As promised, "hot takes" are now being served, beginning with the most recent news items and working our way backwards. America's cold war with Iran might escalate, after the Revolutionary Guard's Major General Qasem Soleimani was killed by a drone strike. This action was sanctioned personally by POTUS: like his predecessor, Trump has grasped the potential of UAVs to do surgical strikes without the risk of putting any of the troops directly into harm's way.
No one is mourning the posthumously promoted Lieutenant General, except perhaps his brother Sohrab, former warden of Iran's prison system. The family trait for terror ran deep, as Lt-Gen Soleimani had led the Islamic Republic's Quds Force since 1998, which has helped the likes of Hezbollah, as well as Bashar al-Assad. To put it bluntly, Soleimani had earned a Hellfire missile with his name written on it.
Meanwhile in Washington, D.C., the airwaves are full of noise about impeachment. What needs to be clarified is that when it comes to this uniquely American Constitutional device for removal of a president, the direness of the "high crimes and misdemeanors" is in the eye of the beholder, including whether they even qualify as such. That Pence is not already president is all the proof needed to show no smoking gun has been found. This stunt will only hurt Democrats.

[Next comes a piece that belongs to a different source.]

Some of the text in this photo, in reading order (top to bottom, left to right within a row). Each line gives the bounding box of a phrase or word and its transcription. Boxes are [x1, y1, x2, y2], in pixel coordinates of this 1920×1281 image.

We shall be viewing Boris Johnson's "huge, great, stonking mandate" next, but it bears repeating that those on the Left in the Anglosphere refuse to accept the votes cast almost four years ago by people fed up with a system that felt unaccountable and fossilized. Instead of any kind of alternative, save Maoism, the Left and its allies have tried to reverse 2016's decisions by any means necessary, only to be rebuffed as shown by polls, fundraising and Britain's election.

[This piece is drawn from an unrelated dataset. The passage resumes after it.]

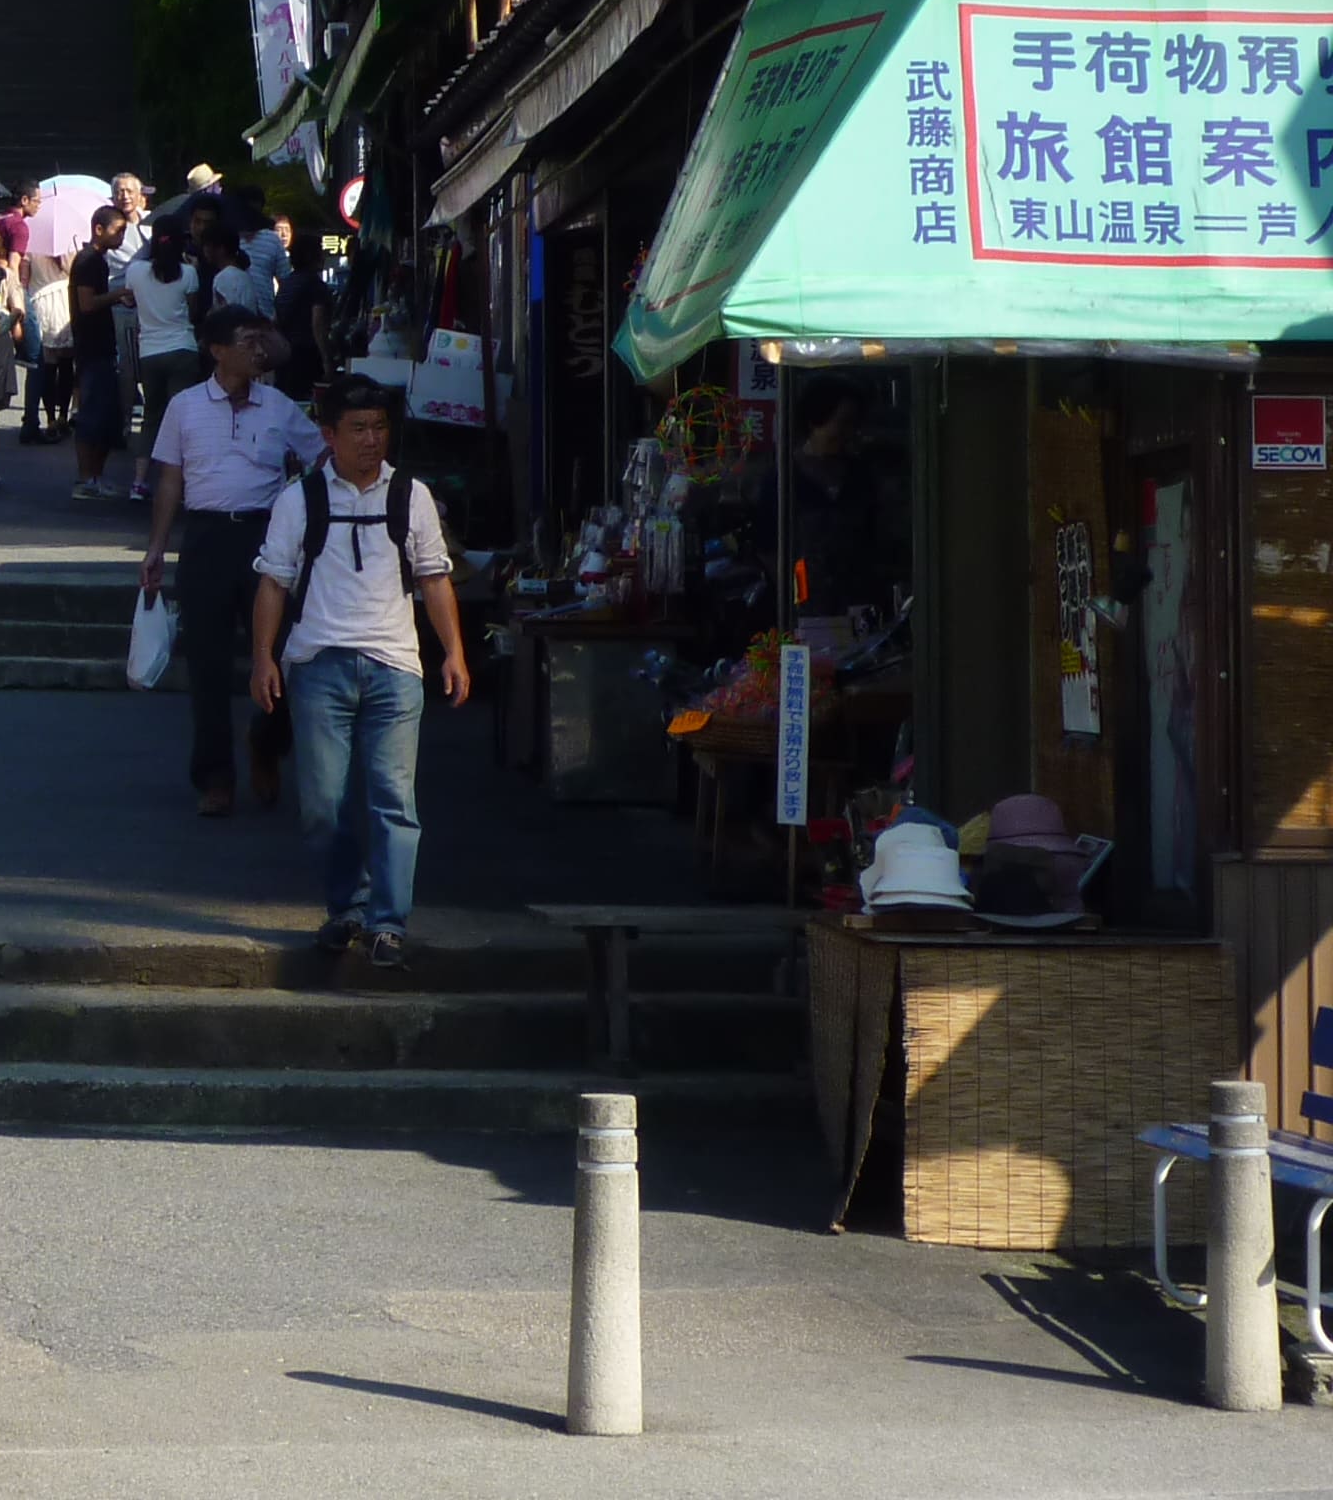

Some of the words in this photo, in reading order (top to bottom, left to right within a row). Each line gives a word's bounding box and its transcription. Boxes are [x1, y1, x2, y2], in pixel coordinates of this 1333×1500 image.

[1012, 30, 1333, 97] 手荷物預
[905, 60, 958, 246] 武藤商店
[1257, 446, 1321, 463] SECOM

Brexit will be happening, even if it means a great shock to the economy of the world. In a moment of historical irony, a century after everyone tried to pass off the bills for war debt to each other resulting in a depression as well as another global conflict, the exact opposite arrangement has caused only slightly less strife: the loss of autonomy and anemic growth for over a decade has brought the European Union to the brink of breaking up into its traditional local allegiances.
BoJo defeated Jeremy Corbyn - anti-Semitic in rhetoric, ambiguous on Brexit - thanks to his uncompromised stance: "let's get it done." Indeed, like the Blue Wall broken by Trump in 2016, BoJo managed to take down the Red Wall of Labour ridings which had stood for decades. The realignment has manifested, yet many on the Left continue to quibble and curse, using both high-brow sneers and low-brow slurs to describe opponents, but refusing to answer the people.
And now for something completely different. The divination of meaningless culture might be the last step to becoming a "crank." Yet I'll admit to suffering through both Cats and The Rise of Skywalker this holiday season: the former was a dumpster fire, the latter a pulverized horse carcass; but at least the actors in Cats could dance and sing; the participants in Star Wars IX, even after $300 million, could not manage a coherent plot, let alone compelling performances.
I looked up how they did at the box office. Surprise, surprise, the uncanny valley and furry fetishists devoured Cats for less than half its costs; meanwhile, the nearly 150 minute toy commercial grossed over three times its budget. Conclusion? We paid people to disobey all the rules of their own fictional universe, while scourging an adaptation that failed spectacularly. We voted with our wallets - turns out we'd rather be treated with contempt than try something new.
That more than anything might bode ill for the 2020s. It's a tired old line, but if the 2010s taught us nothing else, it is that we are in need of some new ideas and the courage to try them.